Le film se concentre sur Maud (Carey Muligan), une jeune femme mariée, mère d'un petit garçon, qui travaille dans une blanchisserie et se retrouve mêlée au combat d'un groupe de femmes décidées à faire entendre leur voix. Cet engagement ne sera pas sans conséquence sur sa vie privée, son mari (interprété par Ben Wishaw, qui joue Q dans les derniers JAMES BOND) étant affecté par les ennuis que la jeune femme va endurer.
Car, à l'époque, la police, la presse et la classe politique n'entendaient pas d'une bonne oreille les militantes féministes. Dans les deux décennies qui ont précédé la guerre, celles que les journaux avaient surnommé "les suffragettes" décidèrent même d'utiliser des moyens violents pour se faire entendre: certes elles ne se faisaient pas exploser près d'un stade ou n'abattaient pas par balles des dizaines de personnes dans des salles de spectacle ou à la terrasse de cafés, mais elles coupaient des fils de téléphone, brisaient des vitrines à coups de pierre, faisaient sauter des boîtes aux lettres, déposaient des bombes dans la résidence secondaire (vide) du Premier ministre.
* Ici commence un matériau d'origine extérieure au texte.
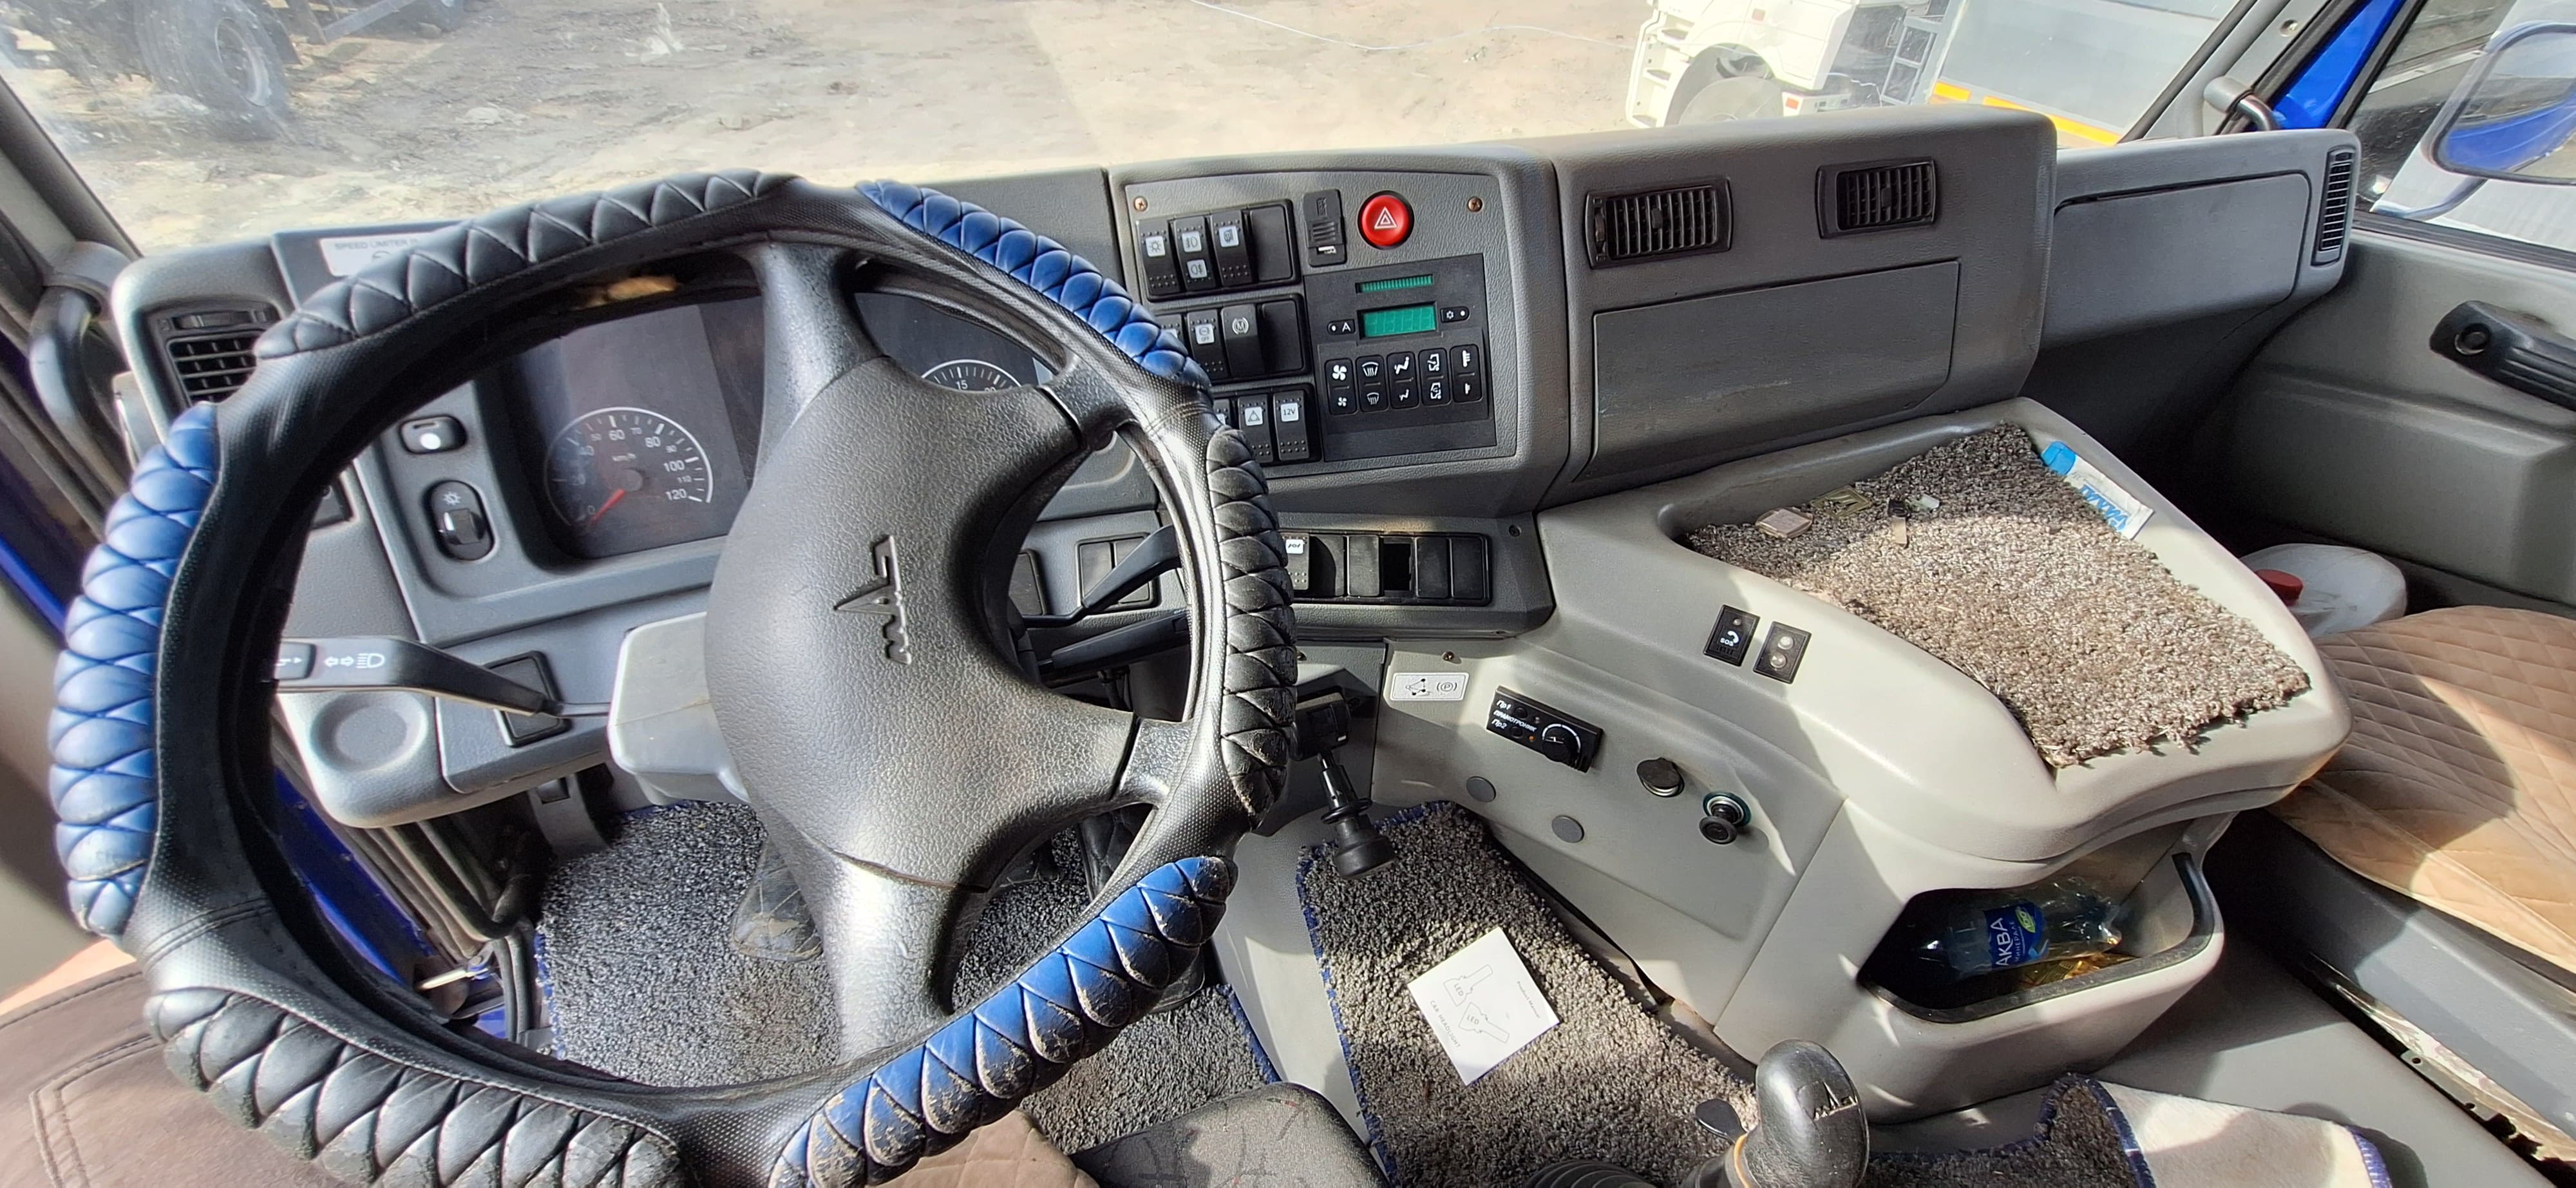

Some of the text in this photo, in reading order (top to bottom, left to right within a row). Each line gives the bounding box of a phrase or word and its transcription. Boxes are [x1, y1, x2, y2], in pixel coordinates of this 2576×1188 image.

[334, 242, 368, 250] SPEED
[370, 238, 408, 248] LIMITER
[1342, 322, 1351, 332] A
[956, 379, 968, 390] 15
[591, 433, 601, 441] 50
[609, 429, 625, 441] 60
[645, 436, 661, 448] 80
[663, 460, 685, 472] 100
[665, 488, 687, 501] 120
[1719, 637, 1734, 647] SOS
[1990, 917, 2014, 966] АКВА
[1454, 983, 1464, 997] LED
[1430, 1000, 1461, 1048] CAR HEADLIGHT
[1467, 1015, 1480, 1026] LED
"Le terme suffragette a été inventé par la presse britannique pour tourner en dérision les activistes du mouvement en faveur du suffrage des femmes, mais celles-ci se le sont approprié. Les suffragettes perturbaient les communications en sabotant les lignes télégraphiques ou en faisant exploser les boîtes aux lettres publiques, mais également en s’attaquant aux biens. Elles ont été emprisonnées et ont entamé des grèves de la faim pour faire connaître leur combat pour l’égalité face à un État de plus en plus répressif. J’étais stupéfaite que cette extraordinaire et poignante histoire n’ait jamais été racontée", explique la réalisatrice Sarah Gavron, dont c'est le deuxième film après RENDEZ-VOUS À BRICK LANE (2007), histoire d'une jeune fille du Bangladesh qui débarque à Londres pour épouser un homme plus âgé.
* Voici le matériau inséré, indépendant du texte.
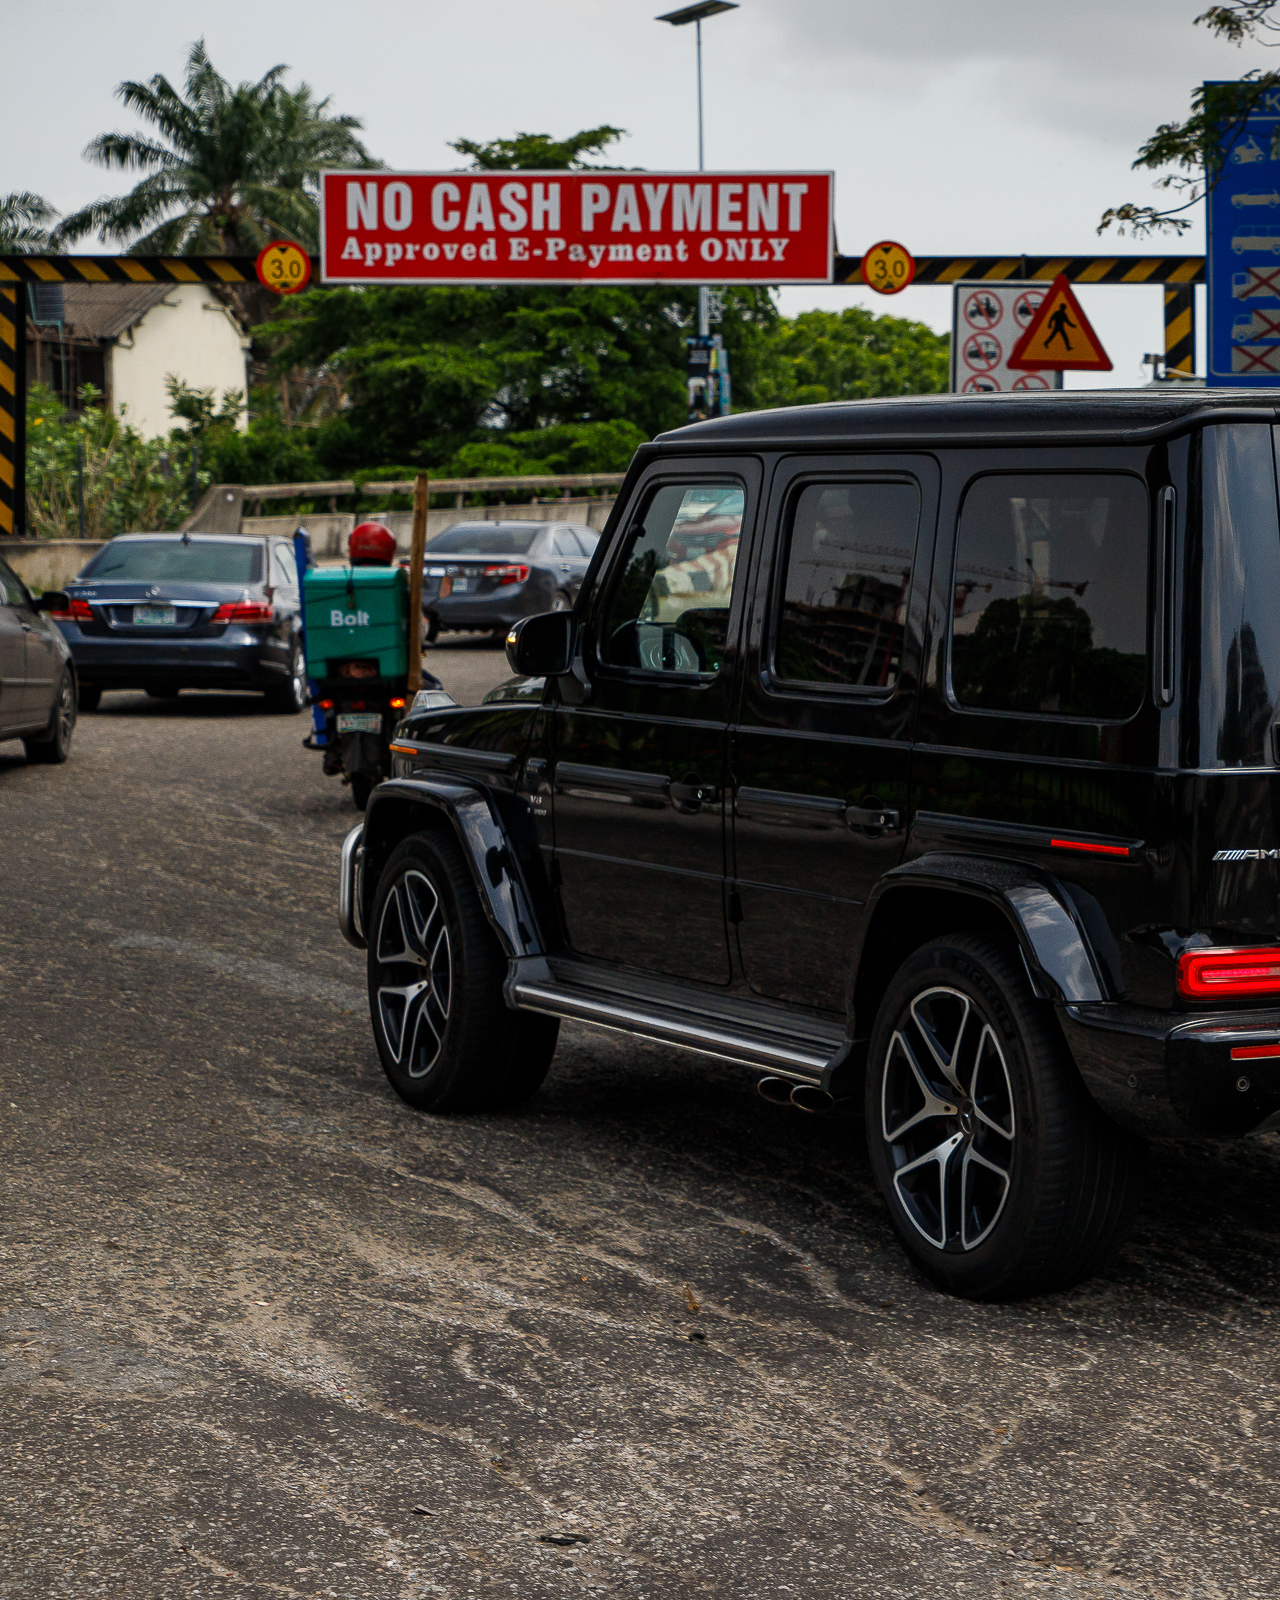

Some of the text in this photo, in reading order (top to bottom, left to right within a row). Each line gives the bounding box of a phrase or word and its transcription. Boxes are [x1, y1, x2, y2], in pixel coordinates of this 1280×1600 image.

[346, 182, 808, 233] NO CASH PAYMENT
[341, 236, 790, 268] Approved E-Payment ONLY
[330, 609, 370, 627] Bolt
Carey Muligan est très convaincante dans le rôle de cette ouvrière, bonne épouse, bonne mère, qui se retrouve militante presque contre son gré. Le personnage est choisi pour attirer les faveurs du spectateur (cela aurait moins bien marché avec une lesbienne célibataire riche bourgeoise oisive), l'accent étant mis sur la condition sociale des femmes à l'époque, avec des personnages masculins pas vraiment à leur avantage.
C'est un film militant, féministe, engagé, mais pas caricatural et qui raconte sans exagération, avec ce qu'il faut d'émotion, ce morceau de l'histoire de la Grande-Bretagne -et de la société occidentale plus généralement- qui rappelle que l'égalité des sexes, pas encore entièrement acquise, est un combat qui est parti de loin.
Jean-Michel Comte
LA PHRASE
"Pour que je respecte la loi, il faudrait que la loi soit respectable" (une suffragette lançant des pierres dans une vitrine, au début du film).
("Suffragette") (Grande-Bretagne, 1h46)
Réalisation: Sarah Gavron
Avec Carey Mulligan, Helena Bonham Carter, Meryl Streep
(Sortie le 18 novembre 2015)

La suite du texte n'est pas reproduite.